Rahman ve rahim olan Allah’ın ismiyle

İbn Abbas şöyle demiştir:

“Asibun” , “Şedidun”haza yevmun asibun” (Bu çetin bir gündür) (ayet 77 ).

"Lâ cereme", "Evet (şübhesiz onlar âhirette en çok zarar görenlerin tâ kendileridir)" (Âyet: 22).

İbn Abbâs'tan başkası da bu kelimeler hakkında şöyle dedi: "Hâka bi-him" (Âyet: 8), "Onlara indi ve isabet etti"; "Yehîkû", "İner".

"Yeûsun", "Ümidimi kestim" sözünden feûl veznidir, "Çok ümîd kesen" demektir. "İnnehû le-yeûsun kefûr” (İnsana bizden bir rahmet tattırıp da sonra bunu kendisinden soyup alıversek, and olsun o ümidini kesen bir adam, bir nankördür" (Âyet: 9).

Mucâhid de: "Lâtebteis", "Lâ tahzen", yani 'Tasalanma" demektir; "O hâlde işleyegeldikleri şeylerden dolayı tasalanma" (Âyet: 36). "Onlar göğüslerini dürüp bükerler" hususunda şekk ve şübhelenme vardır, güçleri yeterse "Allah'tan gizlemeleri için" demiştir.

Ebû'l-Meysere de: "el-Evvâh" Habeş dilinde "er- Rahîm", yani "Çok merhametlidir, dedi. Ve İbn Abbâs: "Bâdiye'r-rey, "Bize zahir olan görüşle" ma'nâsınadır, dedi. Mucâhid: "el-Cûdî", Cezîre'de bir dağdır, dedi

el-Hasen el-Basrî: "Çünkü sen muhakkak ki yumuşak huylu, aklı başında bir adamsın, dediler" (Âyet: 87); kavmi bu sözleriyle Şuayb ile alay ediyorlar, demiştir, ibn Abbâs: "Yâ semâu eklıî mâeki (Ey gök, suyunu tut!) (Âyet: 44)

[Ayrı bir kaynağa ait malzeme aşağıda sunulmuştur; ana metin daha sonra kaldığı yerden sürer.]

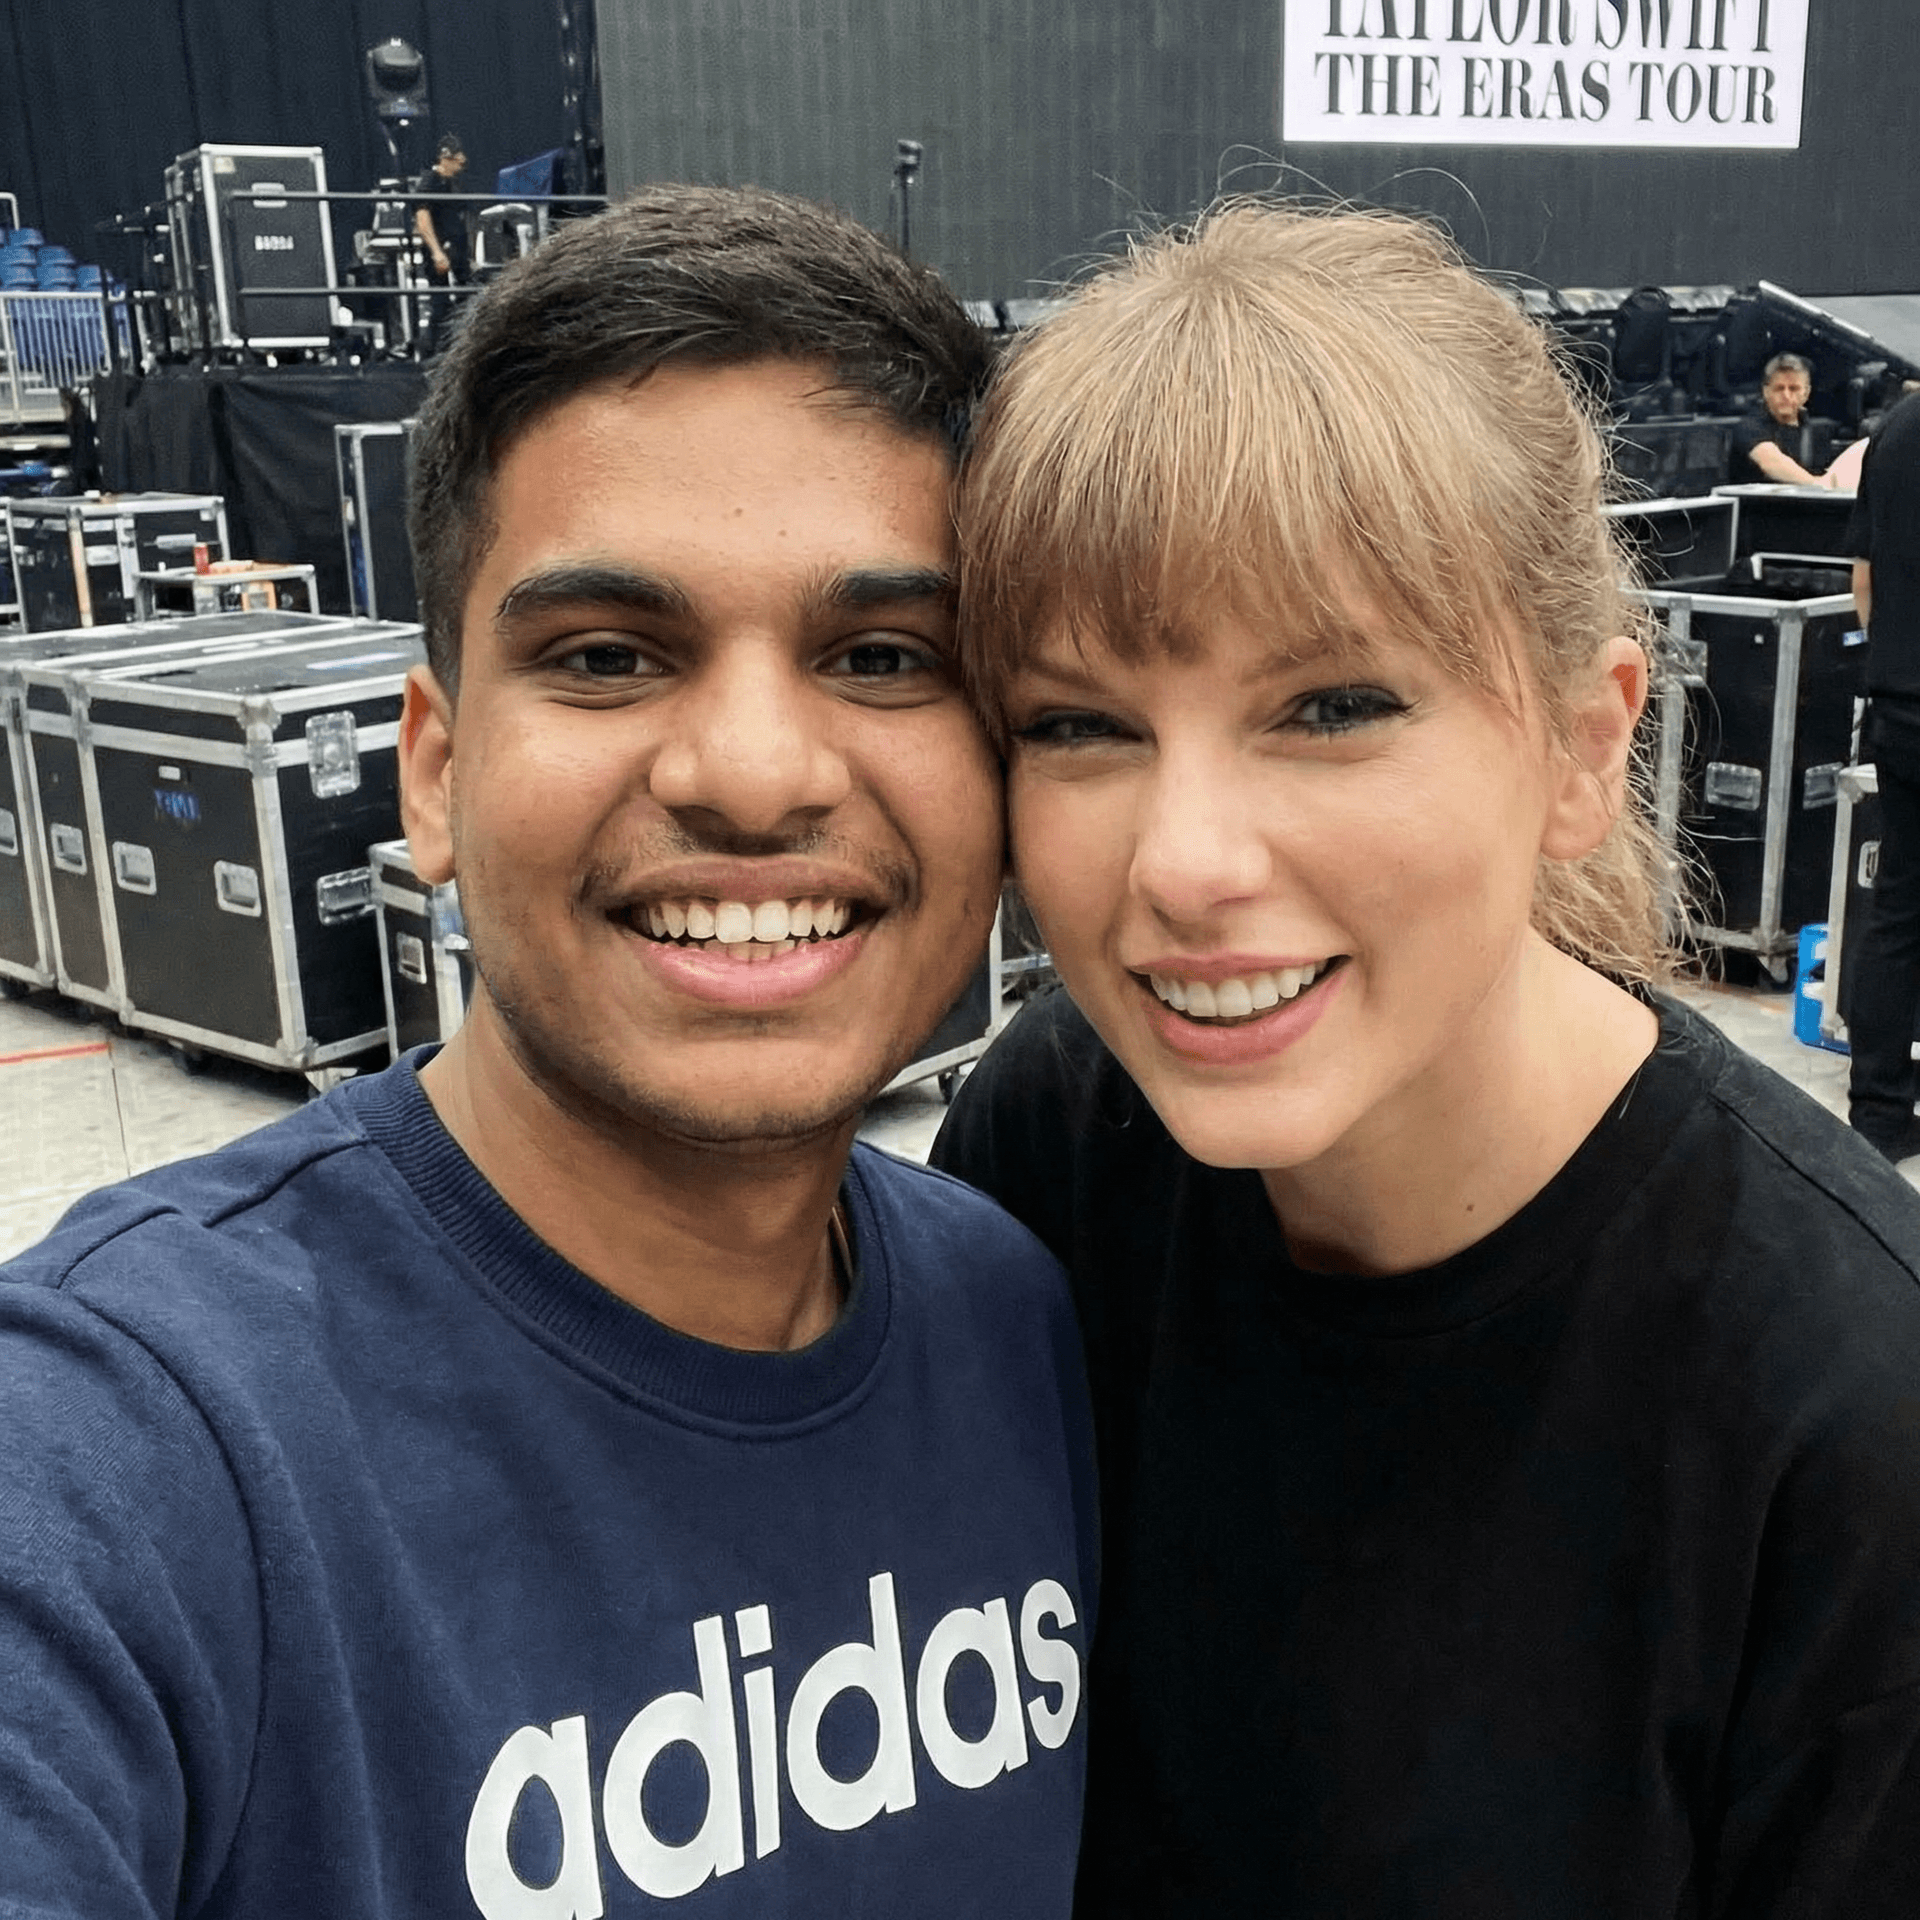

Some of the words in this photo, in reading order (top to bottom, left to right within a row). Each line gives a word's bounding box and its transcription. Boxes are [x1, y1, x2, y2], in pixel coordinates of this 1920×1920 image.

[1315, 52, 1441, 116] THE
[1459, 57, 1611, 122] ERAS
[1629, 62, 1779, 124] TOUR
[465, 1571, 1081, 1920] adidas

"Asîb", "Şiddetli, çetin",

"Lâ cereme' "Evet"; "Hattâ izâ câe emrunâ ve fârettennûru-Nihayet emrimiz geldi ve fırında su kaynadı" (Ayet: 40) ma'nâsınadır, demiştir. İkrime de: "Tennûr", yeryüzüdür, dedi

1.Bâb

"Haberin olsun ki, ondan (o peygamberden düşmanlıklarını) gizlemeleri için göğüslerini dürüp bükerler, (Hakkı işitmemek için) elbiseleriyle örtündükleri zaman da hâllerine dikkat et. Halbuki Allah onların gizleyeceklerini de, açığa vuracaklarını da biliyor. Çünkü O sinelerin tâ özünü bilendir" (Âyet: 5);

"Ondan" zarfını "Peygamber'den" diye tefsir etti.

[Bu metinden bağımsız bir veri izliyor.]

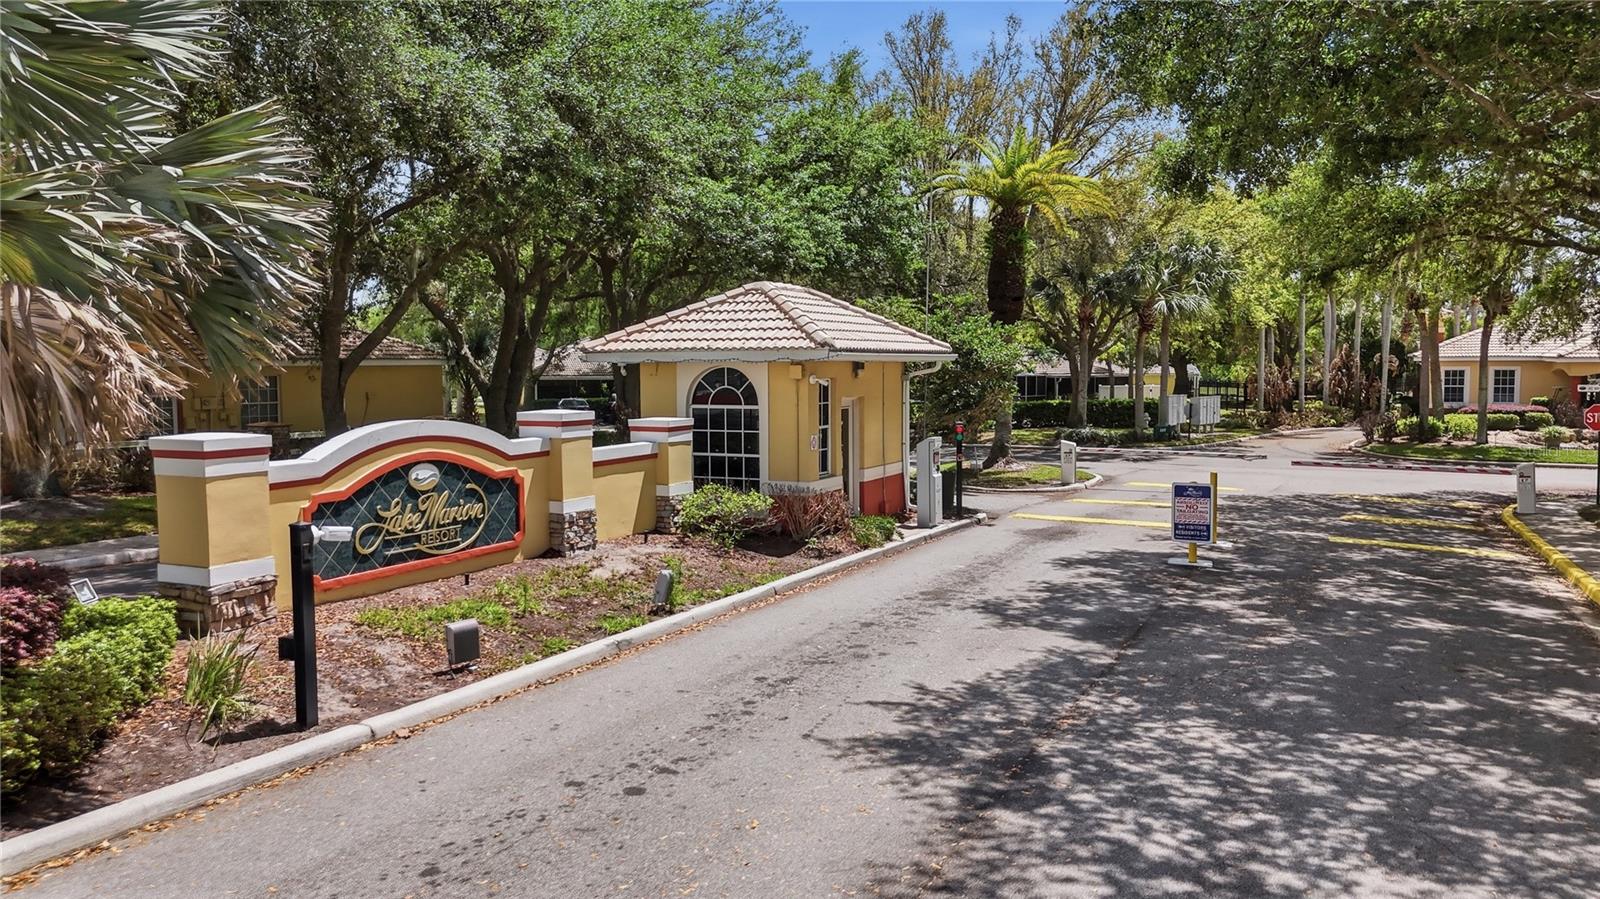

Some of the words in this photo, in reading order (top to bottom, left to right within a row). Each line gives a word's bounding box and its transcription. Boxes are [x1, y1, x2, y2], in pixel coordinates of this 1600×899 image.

İkrime'den başkası da: "Ve hâka", "Nezele" (yani "İndi"), "Yehîku", "Yenzilu" (yani "İner") ma'nâsınadır; "Yeûsun", "Yeistu (Ben ümîd kestim)" ma'nâsından feûl veznidir, demiştir.

Mucâhid: "Lâ tebteis", "Lâ tahzen" (yani "Tasalanma"); "Yesnûne sudûrahum” (Göğüslerini dürüp bükerler) Hakta şübhe ve şübhelenme vardır. Eğer güçleri yeterse "Ondan, yani Allah'tan gizlemeleri için" diye tefsir etmiştir.

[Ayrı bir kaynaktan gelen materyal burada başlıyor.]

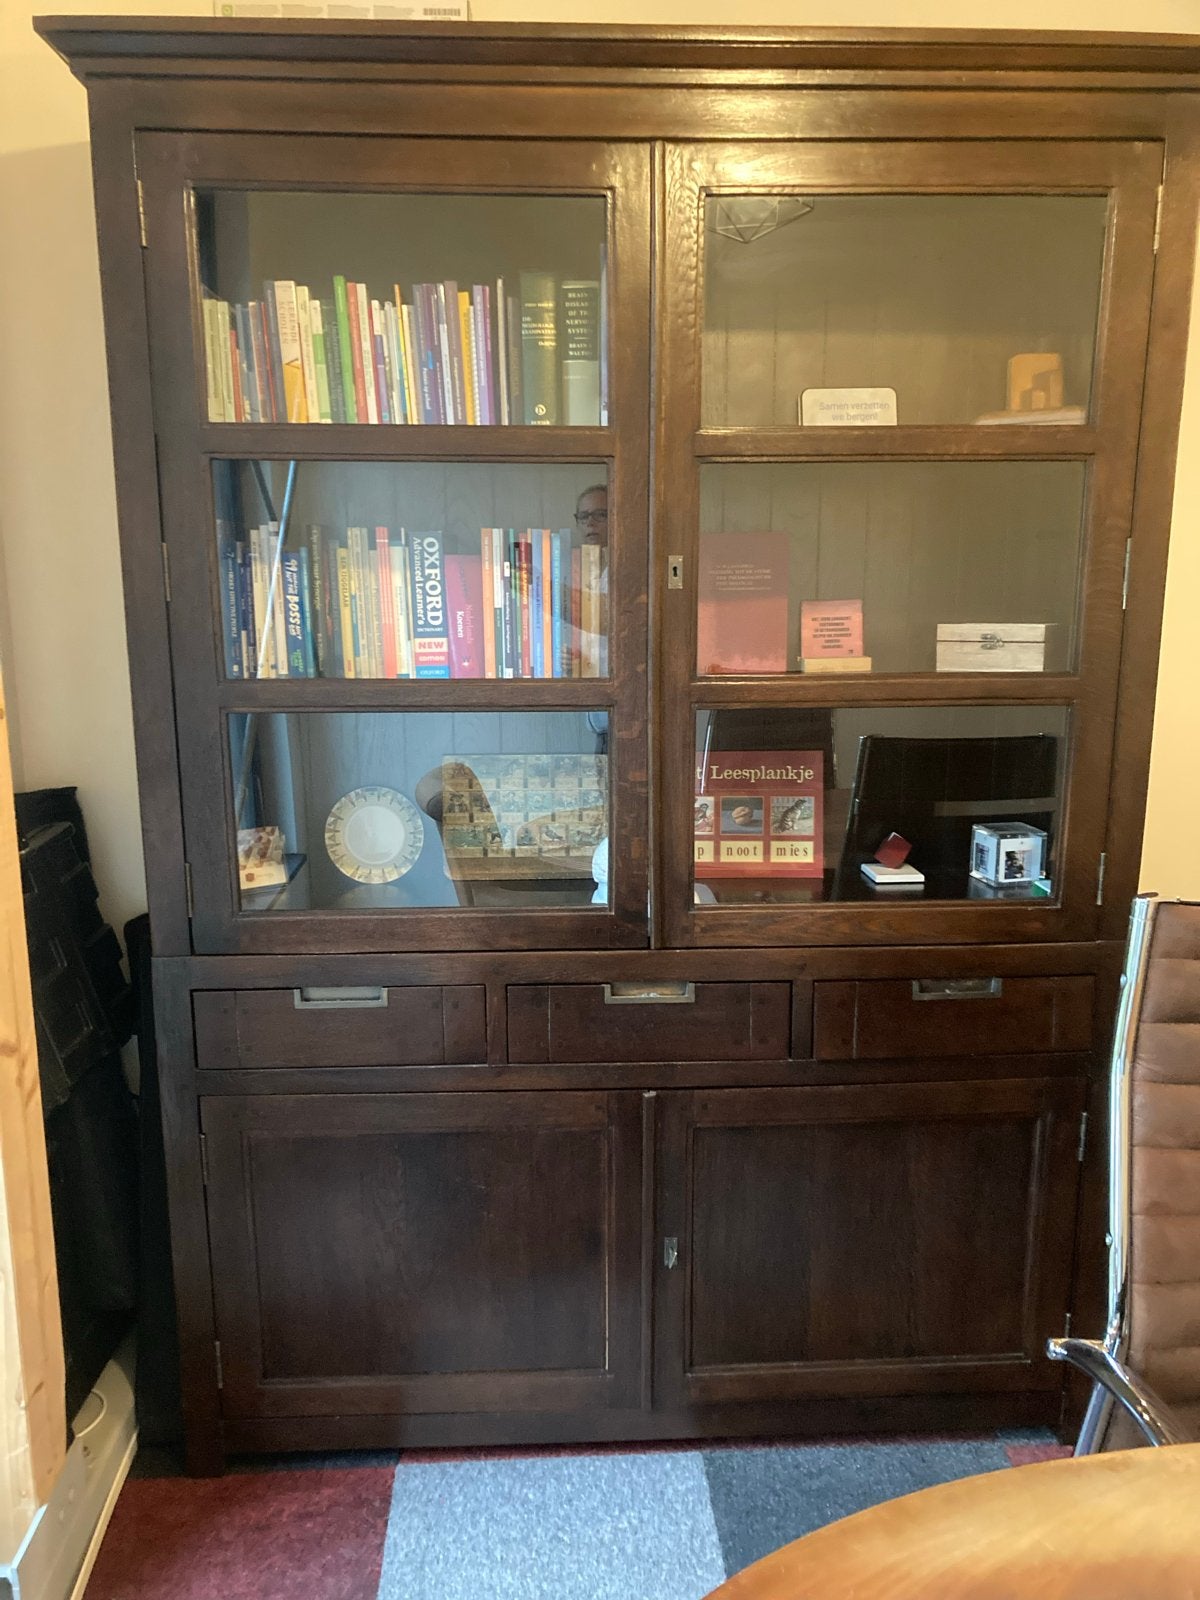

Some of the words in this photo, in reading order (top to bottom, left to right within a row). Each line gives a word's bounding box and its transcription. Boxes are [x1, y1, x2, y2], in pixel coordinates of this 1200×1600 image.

[819, 402, 849, 411] Samen
[851, 401, 890, 411] verzetten
[413, 537, 424, 581] Advanced
[423, 537, 444, 627] OXFORD
[286, 595, 301, 625] BOSS
[415, 581, 426, 625] Learner's
[456, 611, 464, 638] Koenen
[418, 641, 444, 650] NEW
[710, 766, 814, 783] Leesplankje

4727  İbn Cureyc şöyle dedi: Bana Muhammed ibnu Abbâd ibn Ca'fer haber verdi ki, o İbn Abbâs'tan "Elâ innehum tesnevnî sudûruhum” ( Gözünüzü açın, onların göğüsleri şiddetle bükülüp duruyor) şeklinde okurken işitmiştir. Muhammed ibn Abbâd dedi ki: Ben İbn Abbâs'a bunu sordum da, o şöyle cevâb verdi:

— Birtakım insanlar vardı ki, bunlar hâlâya gidip de avret yerlerini çıplak olarak meydana çıkarmalarından ve kadınlarıyle cinsî münâsebet yapıp da yine avret yerlerini çıplak olarak meydana çıkarmalarından utanıyorlardı. İşte bu kelâm onlar hakkında indi

4728 İbn Cureyc (şöyle demiştir): Ve bana Muhammed ibn Abbâd ibn Ca'fer haber verdi ki, İbn Abbâs "Elâ innehum tesnevnî sudûruhum" şeklinde okumuştur. (Muhammed ibn Abbâd dedi ki:) Ben:

— YâEbâ'l-Abbâs! "Mâ tesnevnîsudûruhum (Göğüsleri dürülüp bükülürler) ne demektir? Diye sordum.

İbn Abbâs:

— Erkek, karısıyle cinsî münâsebet yapar, bundan (yani avret yerini açmaktan) hayâ edip utanırdı yahut helâya gider, bundan da utanırdı. İşte bunun üzerine "Haberiniz olsun ki, onlar, ondan gizlemeleri için göğüslerini dürüp bükerler... " (Âyet: 5) indi.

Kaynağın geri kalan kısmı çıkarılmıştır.